In 1959, the new Fairfax County Water Authority and the City of Falls Church signed a 30-year agreement allowing the city to deliver water to customers who were located in the county. Falls Church had plenty of drinking water available in pipes just across the city boundary, thanks to the capacity of the US Army Corps of Engineers to supply the demand.
Under the service agreement between Fairfax and Falls Church, some county residents/businesses near Falls Church were supplied with water that had been diverted from the Potomac River above Great Falls, piped to the Dalecarlia Reservoir on the edge of the District of Columbia, and then shipped back across the Potomac River to Falls Church.
In 1959, exporting water across the city/county boundary was a good arrangement for both jurisdictions. New development on vacant land near Falls Church increased property tax revenues for Fairfax County, while the City of Falls Church got new customers willing to pay a premium price for its water. From an engineering perspective, it was easy for Falls Church to expand its existing distribution system to supply water to the new developments - though the judges responsible for boundary adjustments would not allow the city to annex that land.
For developers in the 1950's and 1960's, the alternative to using the Falls Church utility was to wait until Fairfax County built a new set of pipes to that particular undeveloped section of the county. The county benefitted from expansion of the Falls Church - and Vienna/City of Fairfax - water systems into the county, because developed land generated extra tax revenues.

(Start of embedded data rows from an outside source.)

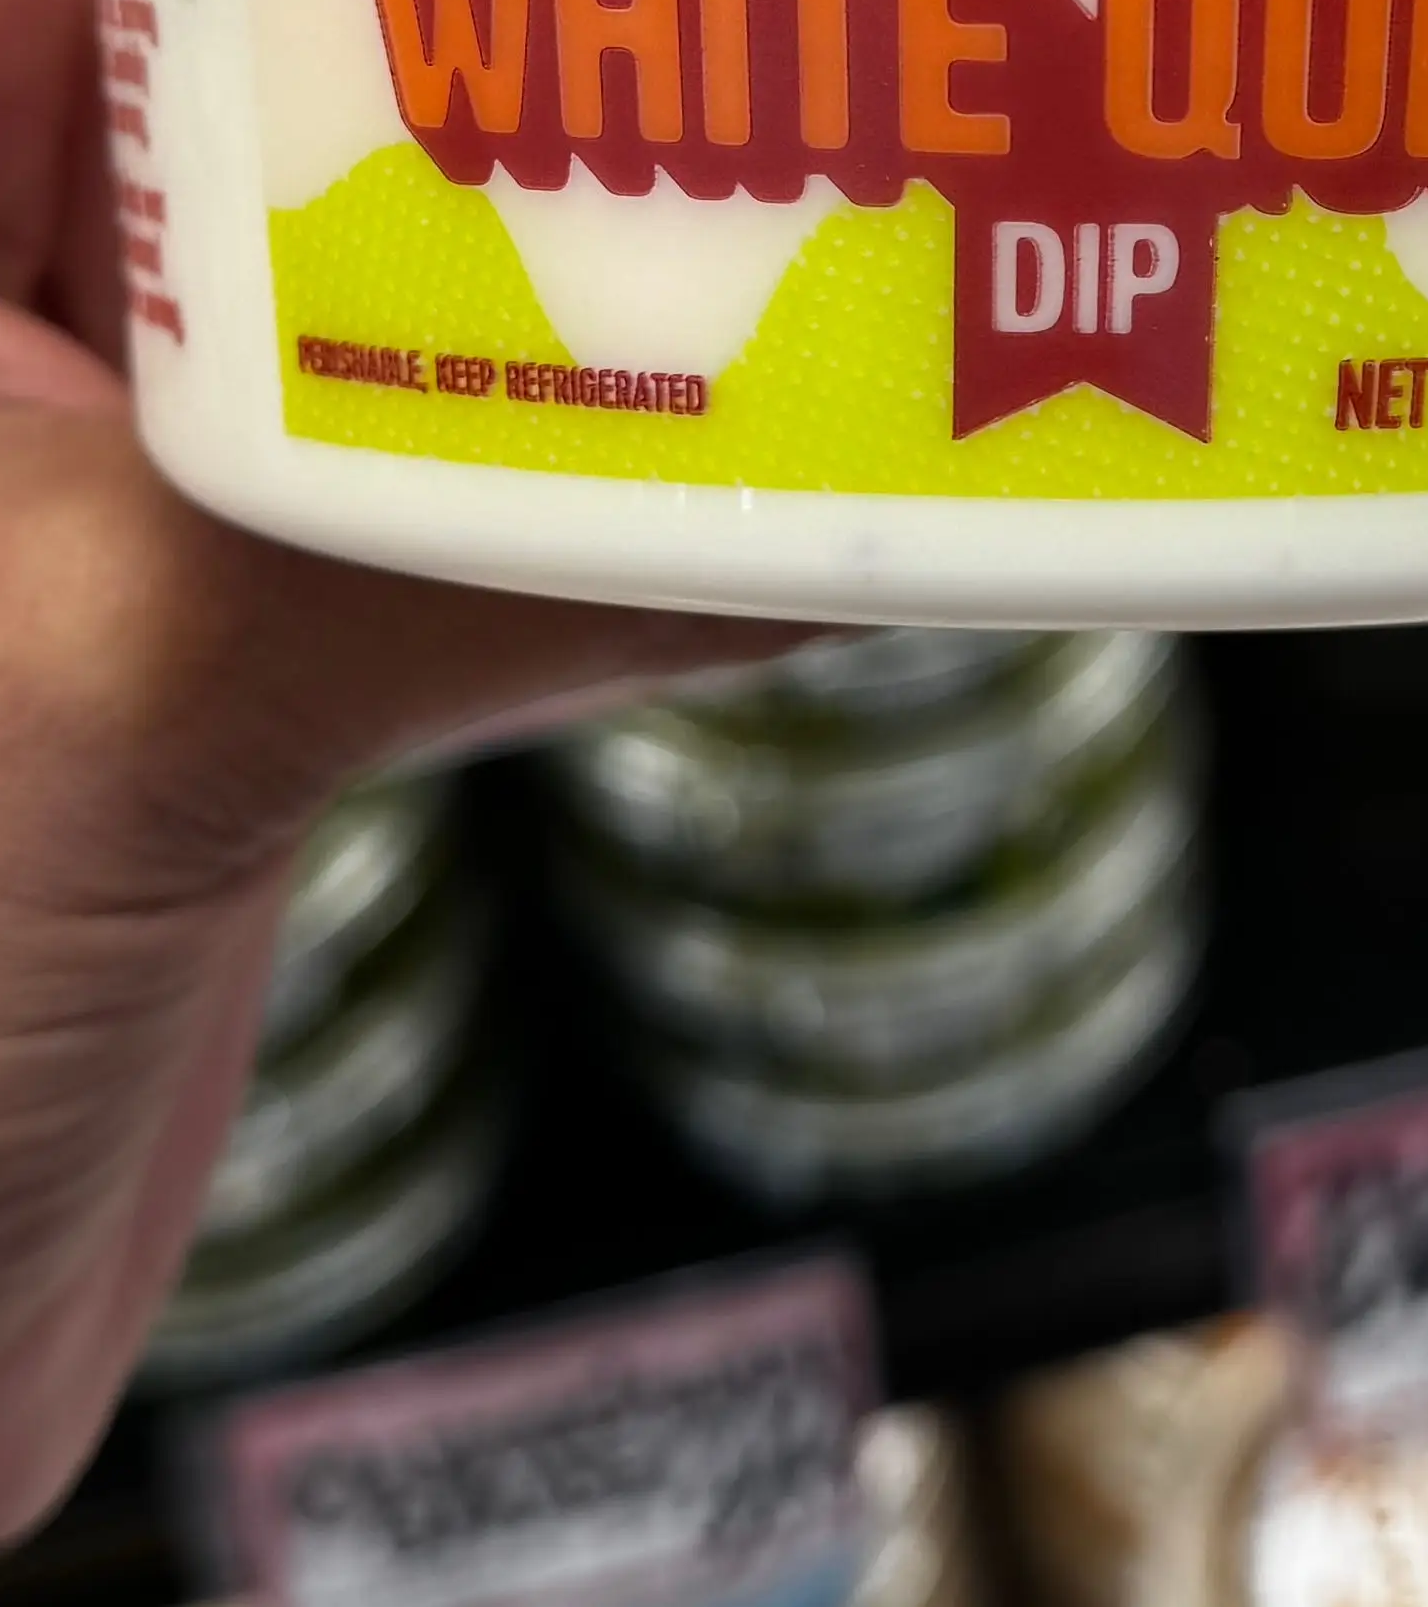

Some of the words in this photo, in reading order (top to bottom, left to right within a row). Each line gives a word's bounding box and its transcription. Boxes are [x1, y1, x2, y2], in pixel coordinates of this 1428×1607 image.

[990, 222, 1180, 334] DIP
[298, 334, 429, 394] PERISHABLE,
[435, 352, 496, 398] KEEP
[505, 362, 708, 416] REFRIGERATED
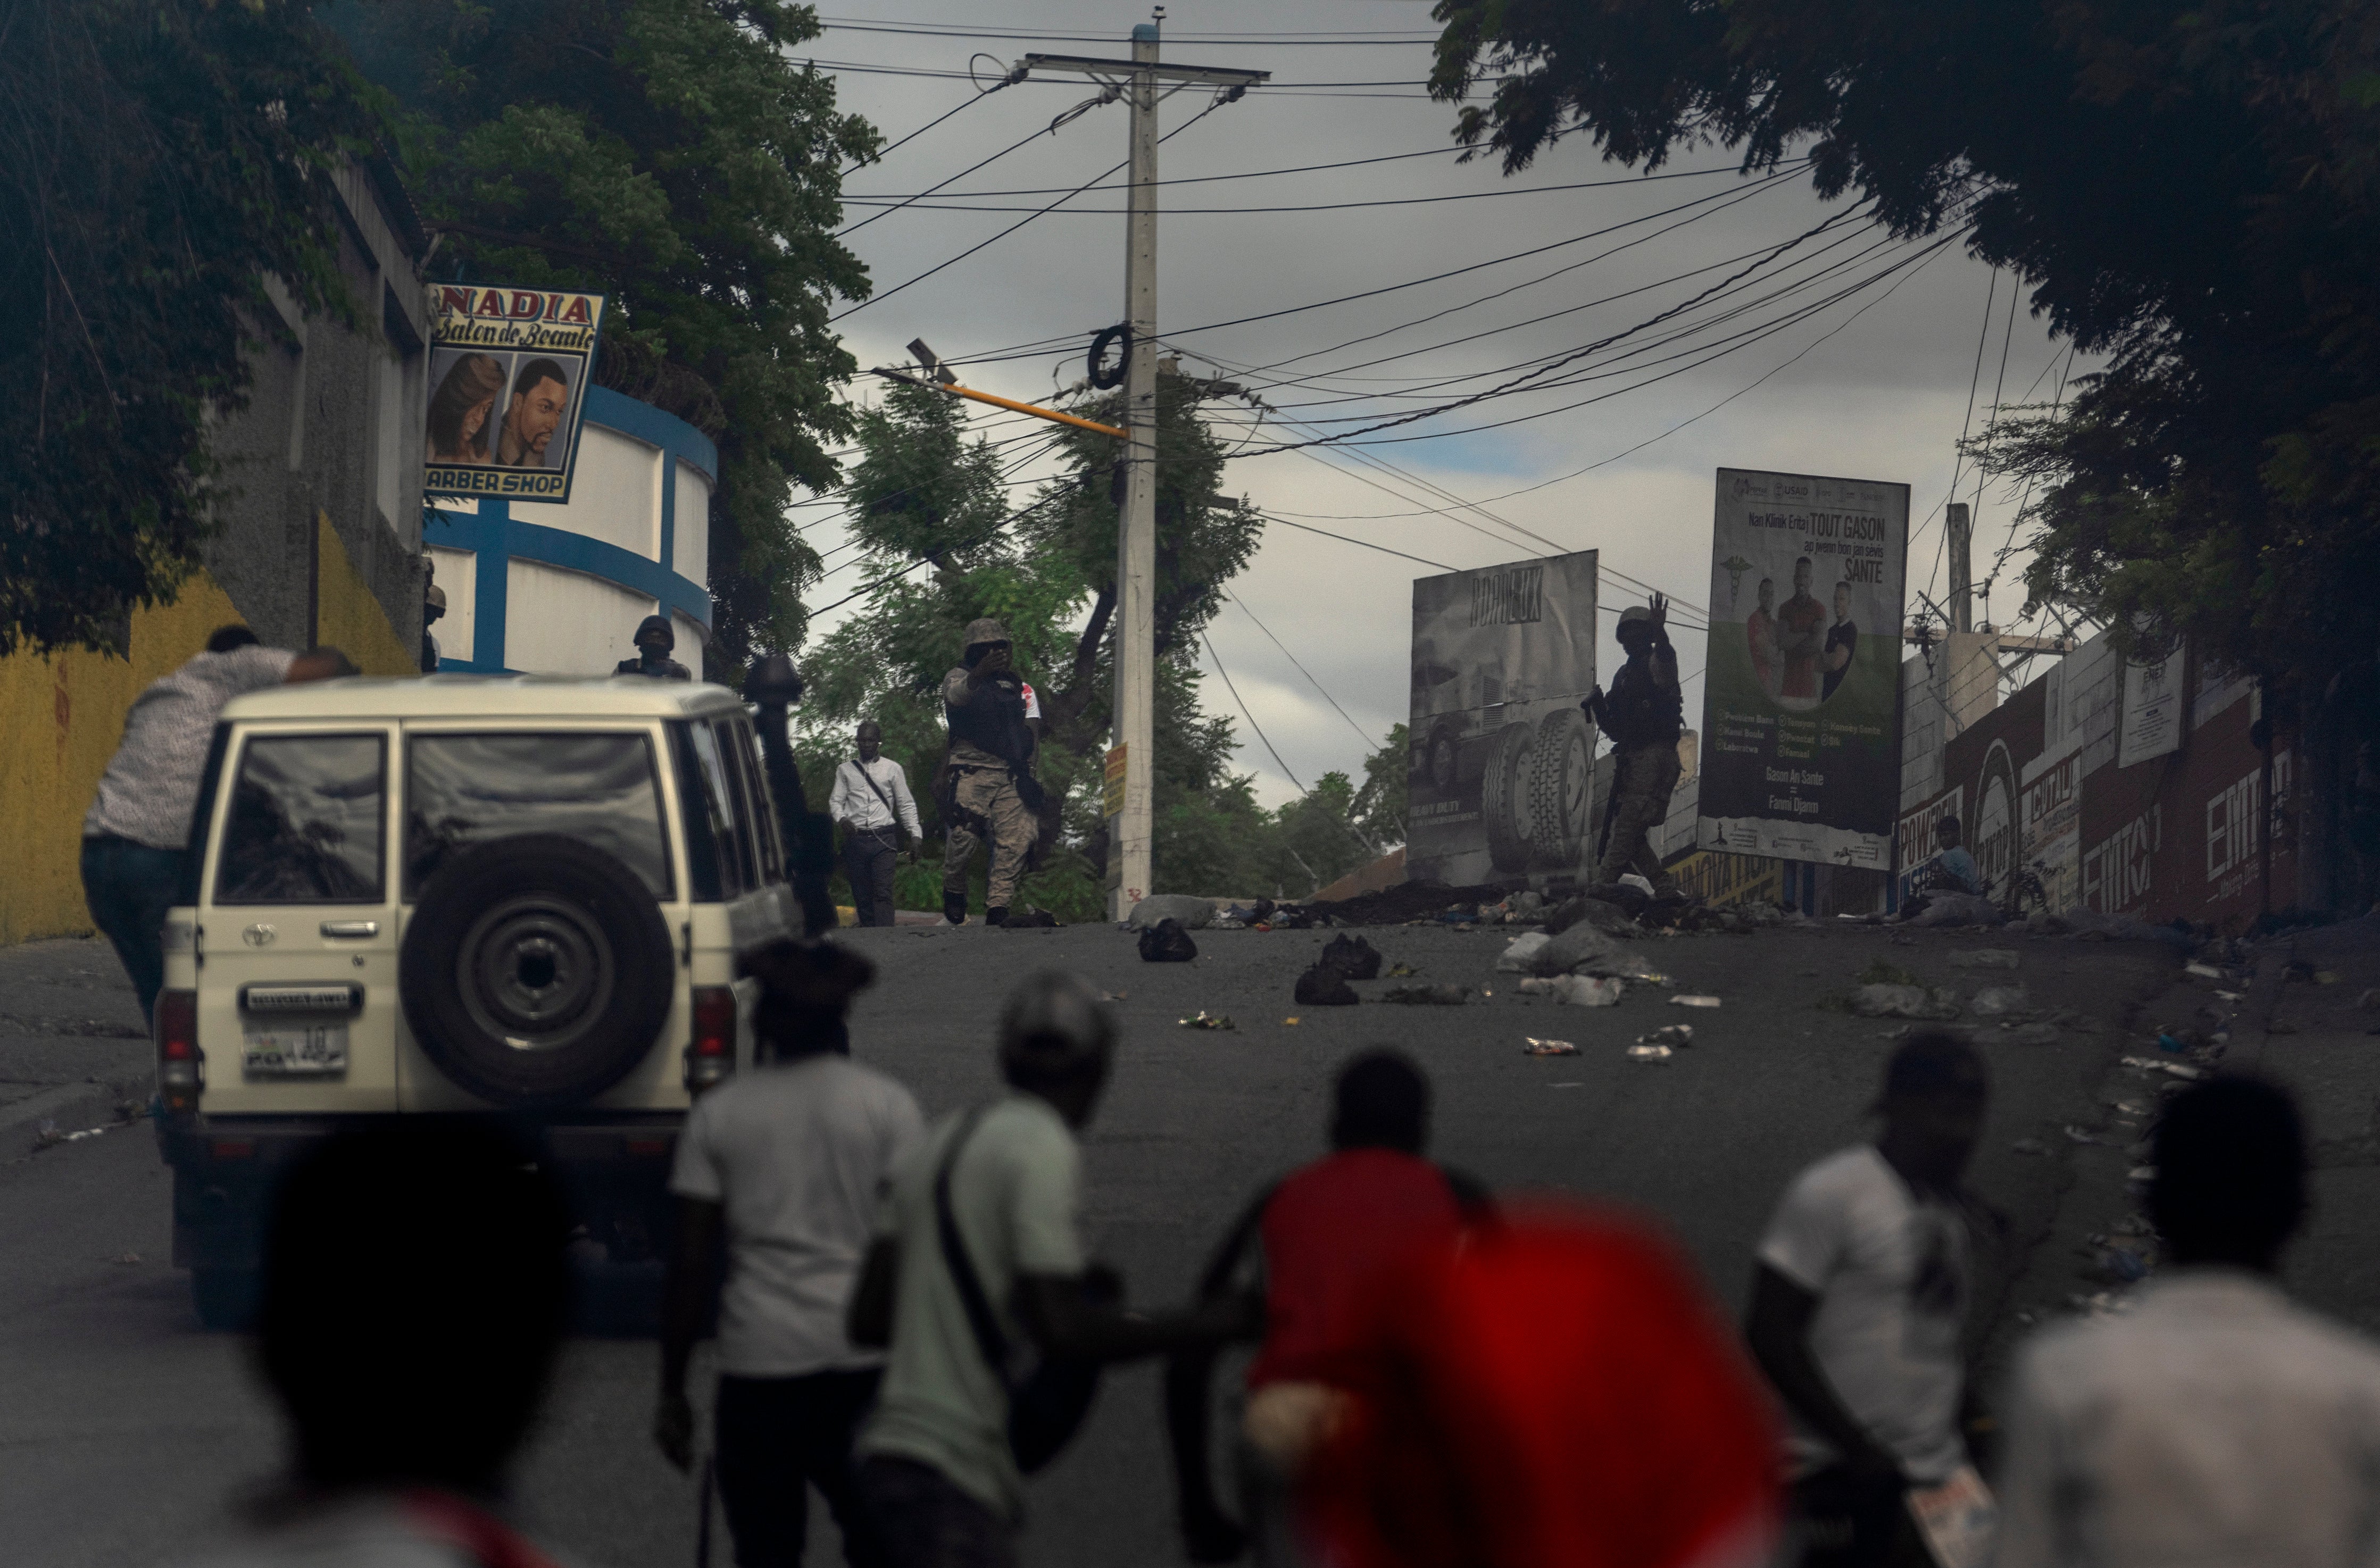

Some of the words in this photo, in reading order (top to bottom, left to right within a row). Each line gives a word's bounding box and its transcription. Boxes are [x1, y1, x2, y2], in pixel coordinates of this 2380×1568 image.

[440, 286, 593, 327] NADIA
[436, 319, 501, 343] Salon
[503, 321, 520, 344] de
[427, 470, 499, 491] ARBER
[502, 474, 563, 494] SHOP
[1785, 486, 1808, 496] USAID
[1749, 512, 1765, 527] Nan
[1765, 513, 1786, 529] Klinik
[1809, 512, 1842, 538] TOUT
[1844, 515, 1885, 541] GASON
[1837, 541, 1852, 554] bon
[1844, 558, 1883, 584] SANTE
[1766, 766, 1788, 782] Gason
[1790, 769, 1800, 784] An
[1801, 770, 1824, 786] Sante
[1769, 794, 1792, 811] Fanmi

City residents benefitted from the excess revenues generated by the city's water sales outside the city's boundaries. Monthly water fees paid by Fairfax (and Falls Church) customers created a significant profit, above the costs of purchasing water, maintaining the infrastruction of pipes/pumps/tanks, and billing customers. Since 92% of the city''s customers were located in Fairfax County, the annual profit was generated from customers who could not vote for officials that might change the utility's policies or water rates.
Each year, the city's utility profits were transferred to the city's General Fund, allowing the City Council to set lower tax rates. The subsidy from the city's water utility reduced the property taxes that city residents otherwise would have had to pay, in order to operate the city's school system and provide other services inside Falls Church.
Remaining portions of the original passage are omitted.